Keep each entry exactly as written when you repeat it, and skip the images.

(Working data Opens)

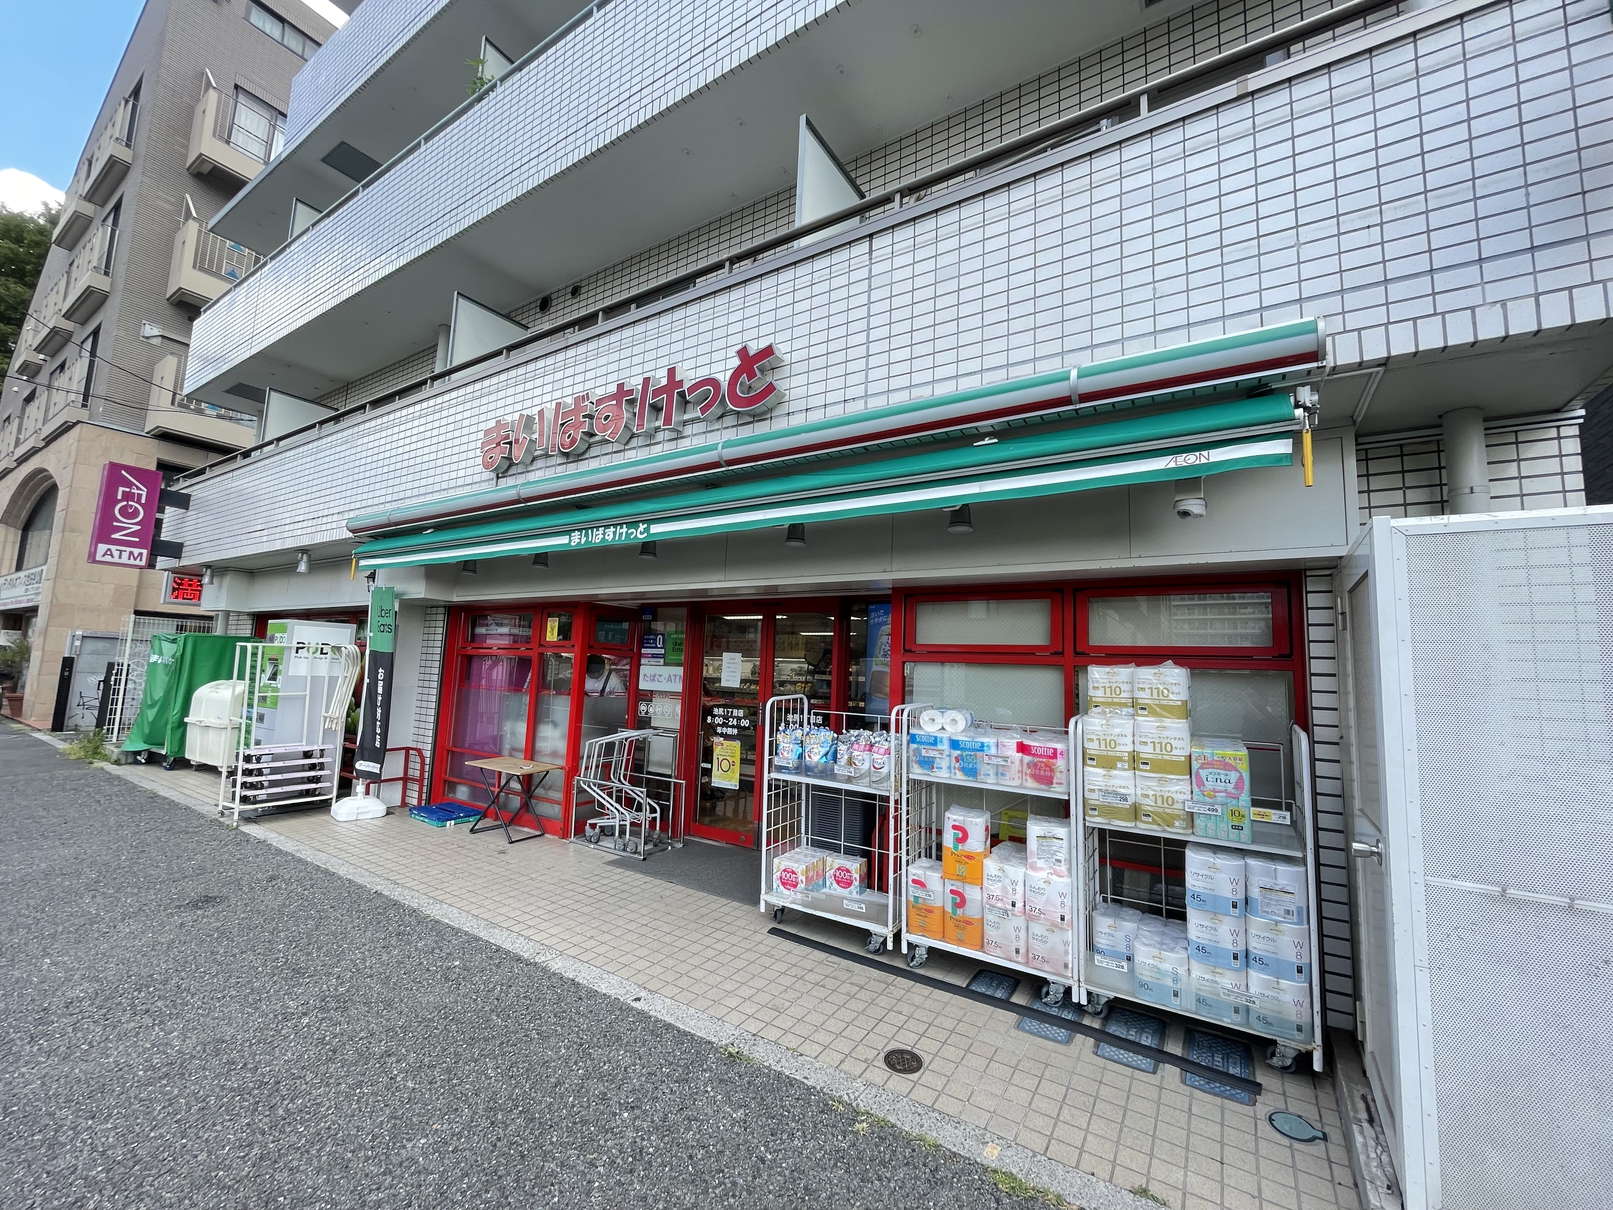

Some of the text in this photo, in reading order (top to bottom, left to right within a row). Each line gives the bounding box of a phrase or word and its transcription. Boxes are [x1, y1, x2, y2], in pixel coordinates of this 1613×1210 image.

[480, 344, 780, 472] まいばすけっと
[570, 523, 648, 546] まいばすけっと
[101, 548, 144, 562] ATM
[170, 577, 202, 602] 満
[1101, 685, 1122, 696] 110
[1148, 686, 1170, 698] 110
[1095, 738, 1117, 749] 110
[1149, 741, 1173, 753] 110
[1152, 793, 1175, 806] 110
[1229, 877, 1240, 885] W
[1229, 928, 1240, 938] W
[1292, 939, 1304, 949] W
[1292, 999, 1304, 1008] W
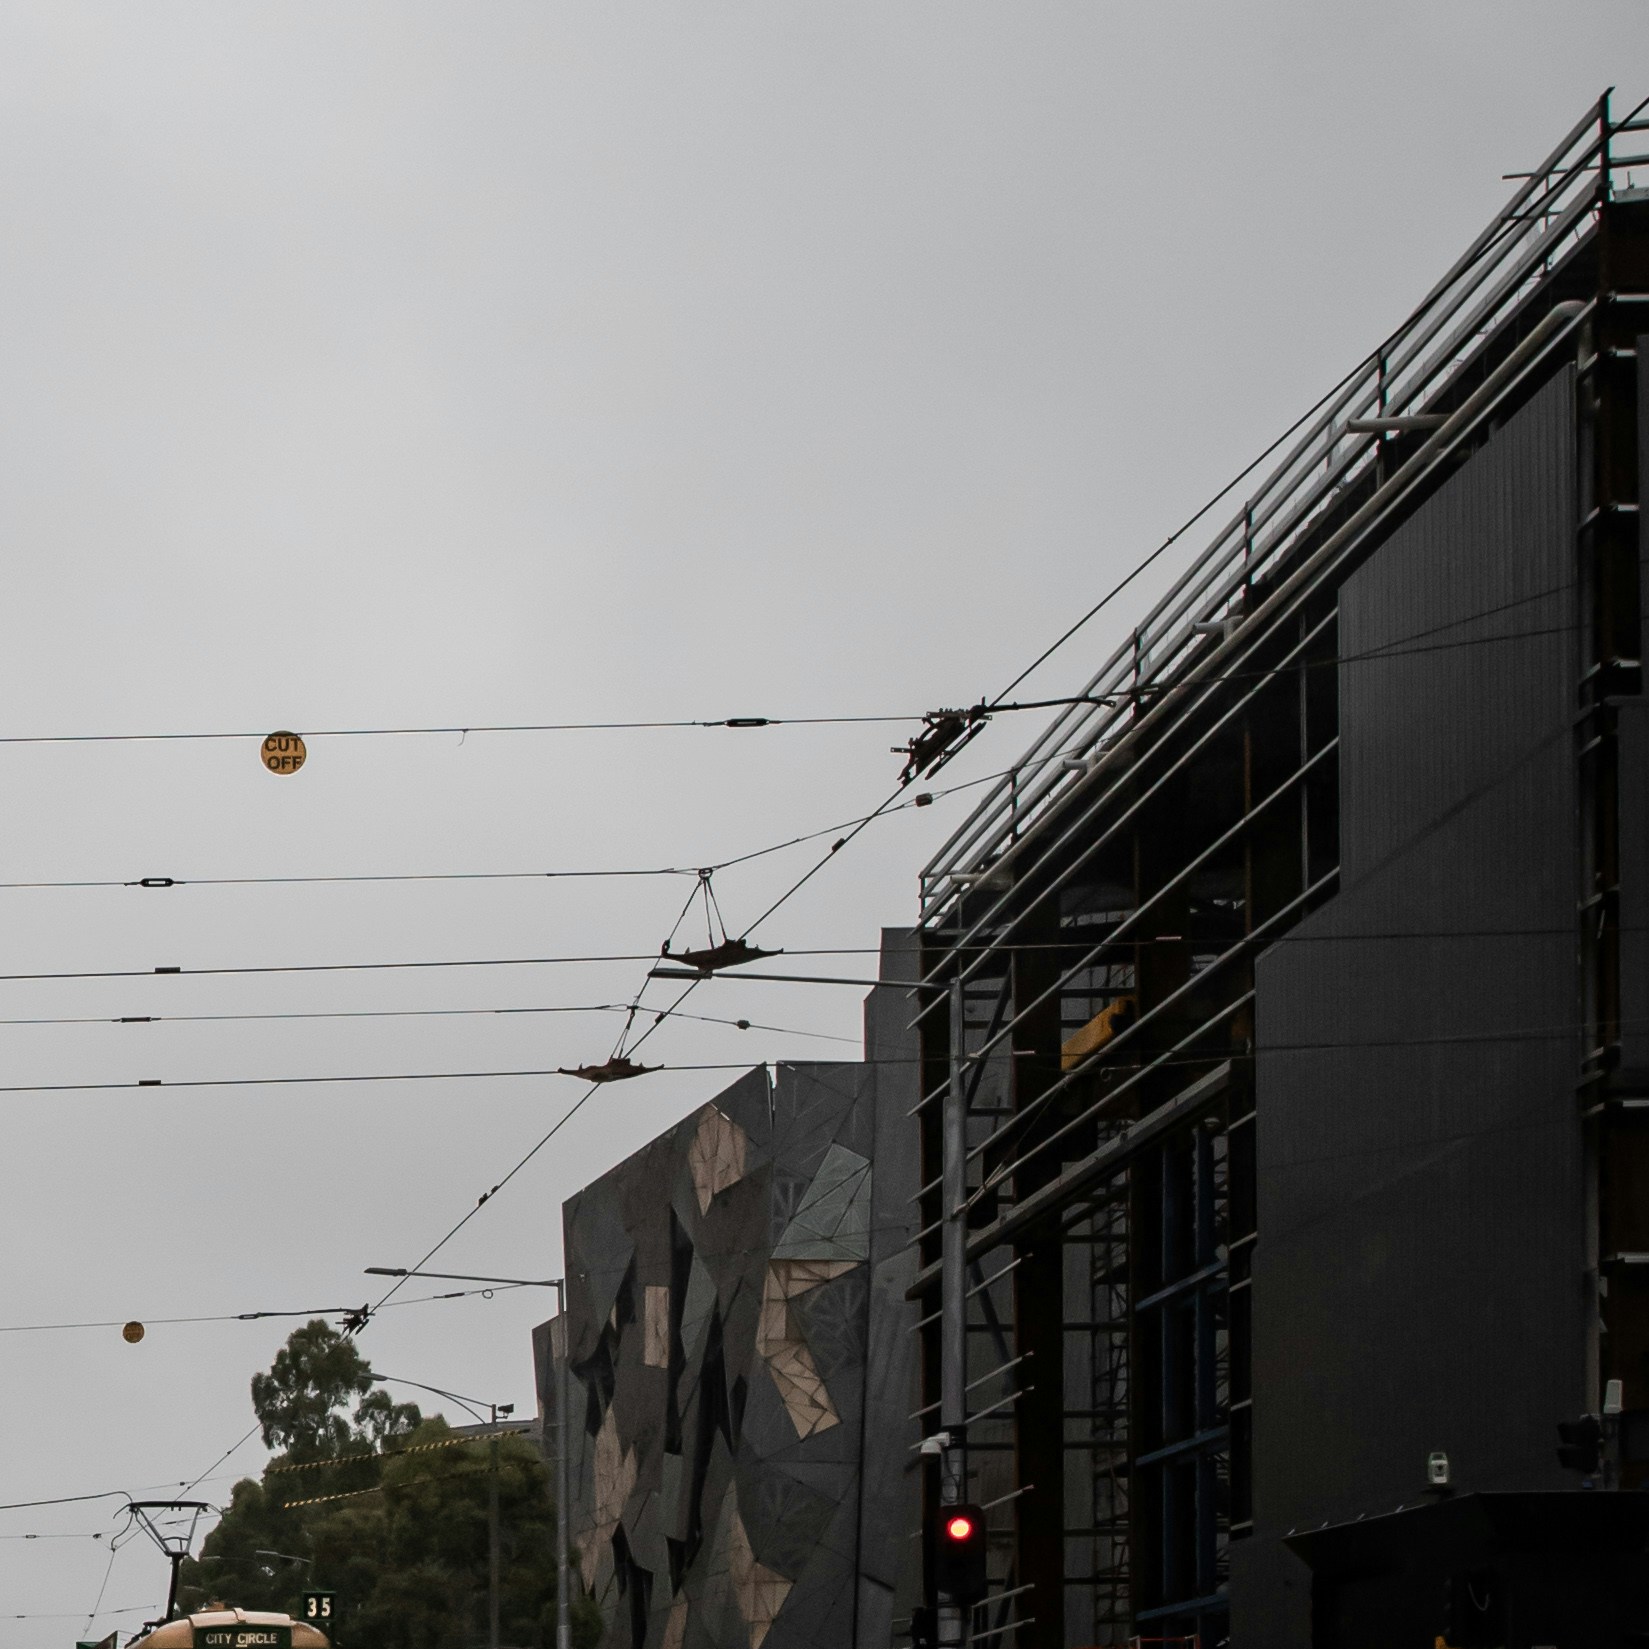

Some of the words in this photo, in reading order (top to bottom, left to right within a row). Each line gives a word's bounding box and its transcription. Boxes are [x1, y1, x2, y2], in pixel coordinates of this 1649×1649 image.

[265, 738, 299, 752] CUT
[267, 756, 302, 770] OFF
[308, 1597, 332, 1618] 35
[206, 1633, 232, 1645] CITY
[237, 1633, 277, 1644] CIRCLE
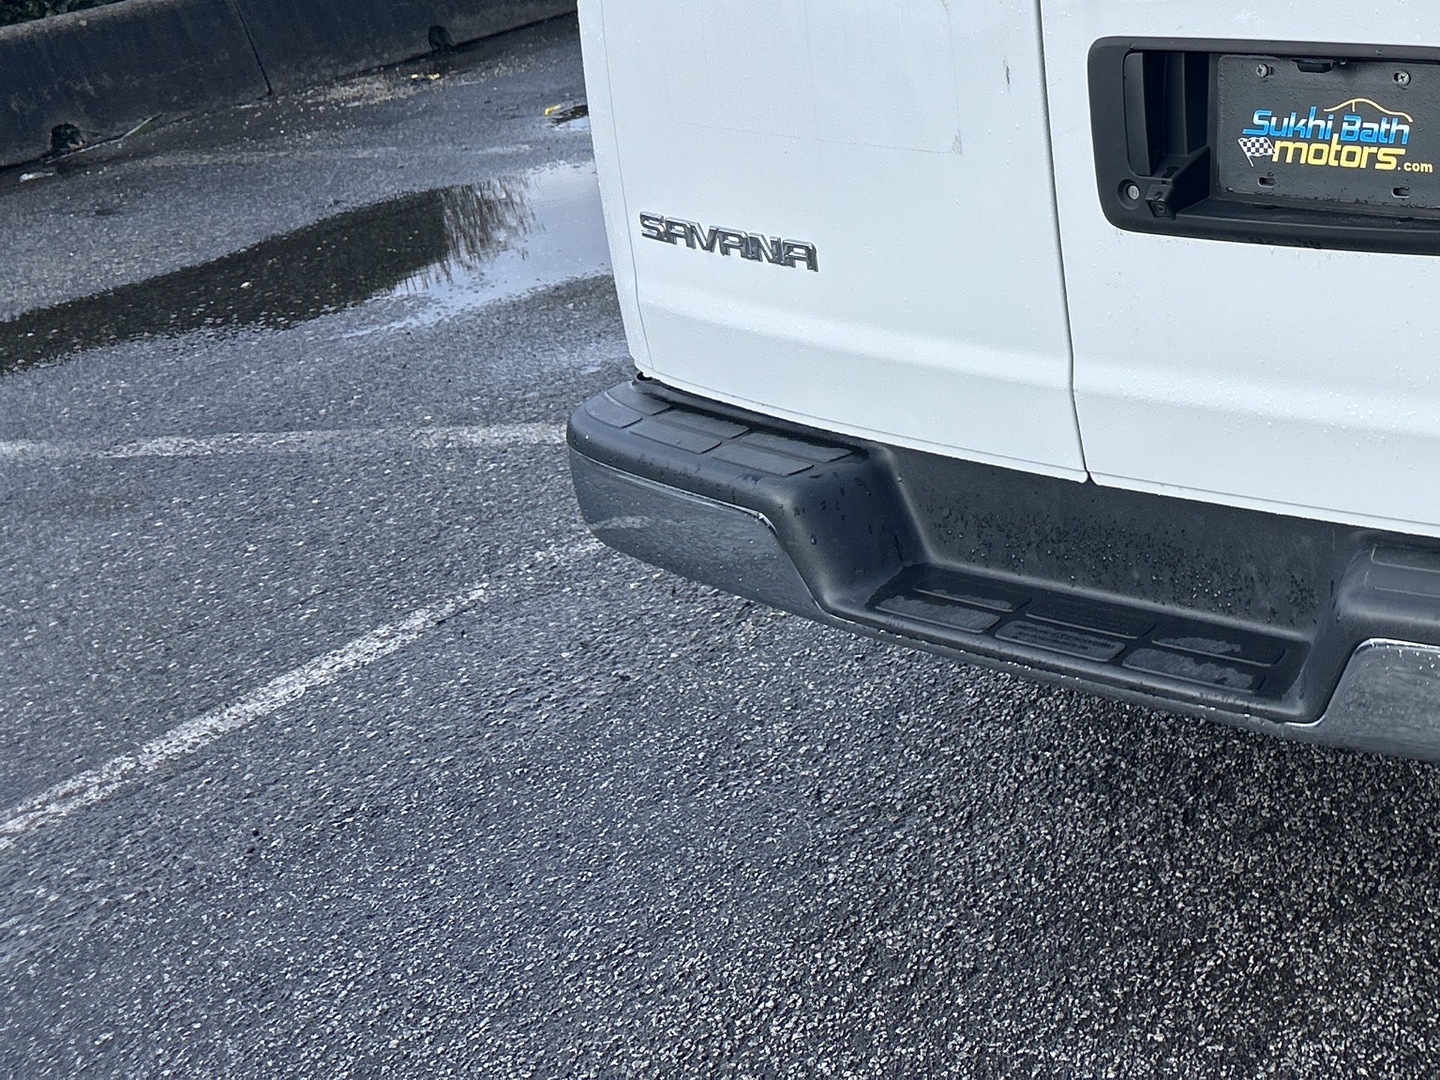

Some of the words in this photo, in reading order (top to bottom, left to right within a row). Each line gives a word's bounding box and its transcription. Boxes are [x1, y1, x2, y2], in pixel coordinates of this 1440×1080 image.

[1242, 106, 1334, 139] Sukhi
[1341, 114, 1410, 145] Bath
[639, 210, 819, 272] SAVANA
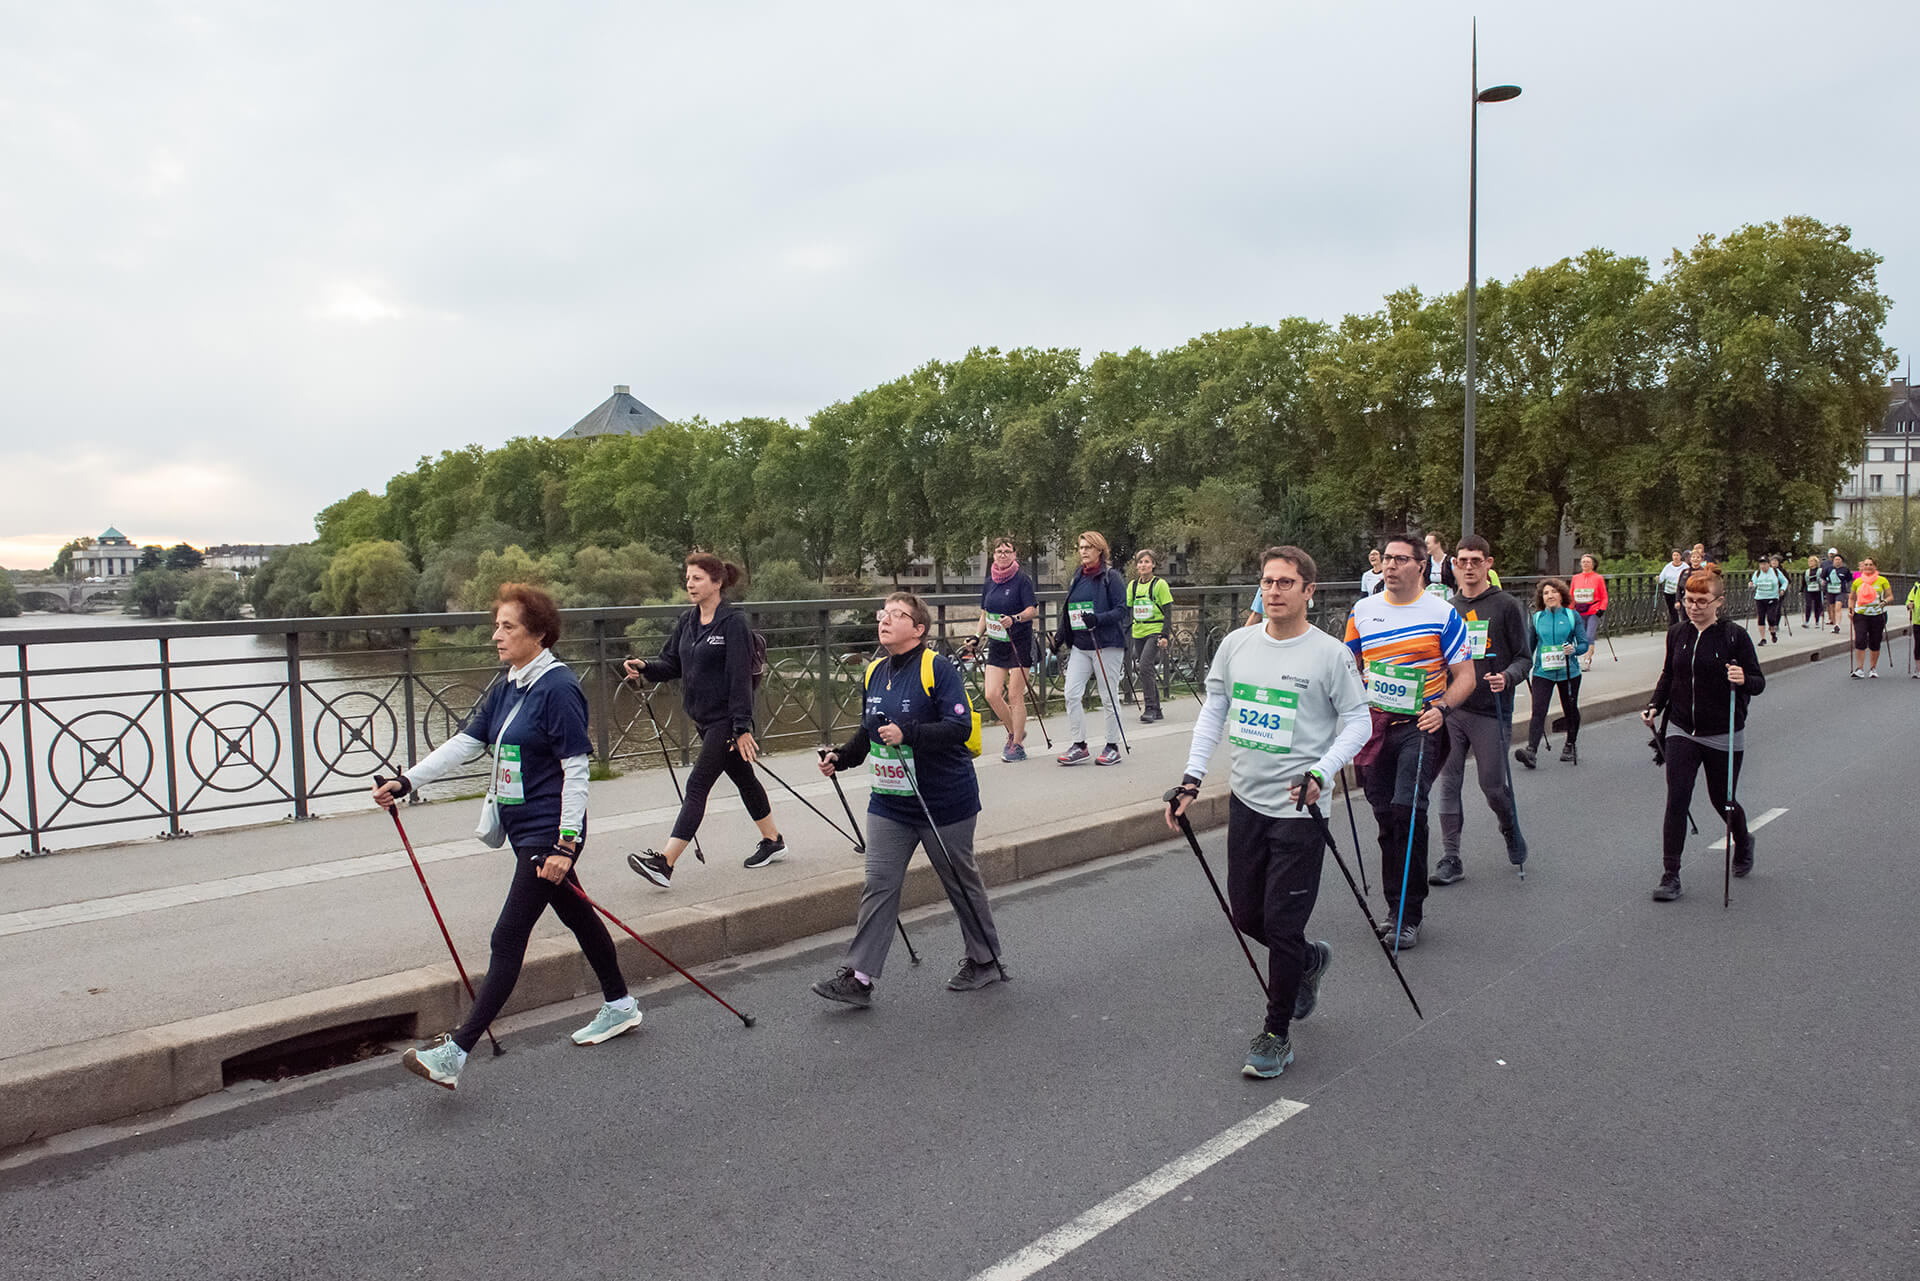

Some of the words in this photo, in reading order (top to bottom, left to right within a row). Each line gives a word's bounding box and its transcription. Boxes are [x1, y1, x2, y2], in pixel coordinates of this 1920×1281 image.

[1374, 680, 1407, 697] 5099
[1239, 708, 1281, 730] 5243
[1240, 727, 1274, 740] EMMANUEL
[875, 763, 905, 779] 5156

(Working data Closes)

- Exercise response -
Some of the text in this photo, in reading order (top to bottom, left to right within a row). Each line gives the bounding box of a phrase or word and its transcription. Boxes are [x1, y1, x2, y2], in pixel coordinates of this 1613×1210 image.

[480, 344, 780, 472] まいばすけっと
[570, 523, 648, 546] まいばすけっと
[101, 548, 144, 562] ATM
[170, 577, 202, 602] 満
[1101, 685, 1122, 696] 110
[1148, 686, 1170, 698] 110
[1095, 738, 1117, 749] 110
[1149, 741, 1173, 753] 110
[1152, 793, 1175, 806] 110
[1229, 877, 1240, 885] W
[1229, 928, 1240, 938] W
[1292, 939, 1304, 949] W
[1292, 999, 1304, 1008] W

Some of the words in this photo, in reading order (top to bottom, left to right within a row). Each line gives a word's bounding box and its transcription. Boxes are [x1, y1, x2, y2], in pixel coordinates of this 1649×1649 image.

[265, 738, 299, 752] CUT
[267, 756, 302, 770] OFF
[308, 1597, 332, 1618] 35
[206, 1633, 232, 1645] CITY
[237, 1633, 277, 1644] CIRCLE

Some of the words in this photo, in reading order (top to bottom, left to right within a row). Each line gives a word's bounding box and its transcription. Boxes are [x1, y1, x2, y2], in pixel coordinates of this 1440×1080 image.

[1242, 106, 1334, 139] Sukhi
[1341, 114, 1410, 145] Bath
[639, 210, 819, 272] SAVANA

Some of the words in this photo, in reading order (top to bottom, left to right within a row). Each line gives a word's bounding box and its transcription. Boxes are [x1, y1, x2, y2], in pixel coordinates of this 1920×1281 image.

[1374, 680, 1407, 697] 5099
[1239, 708, 1281, 730] 5243
[1240, 727, 1274, 740] EMMANUEL
[875, 763, 905, 779] 5156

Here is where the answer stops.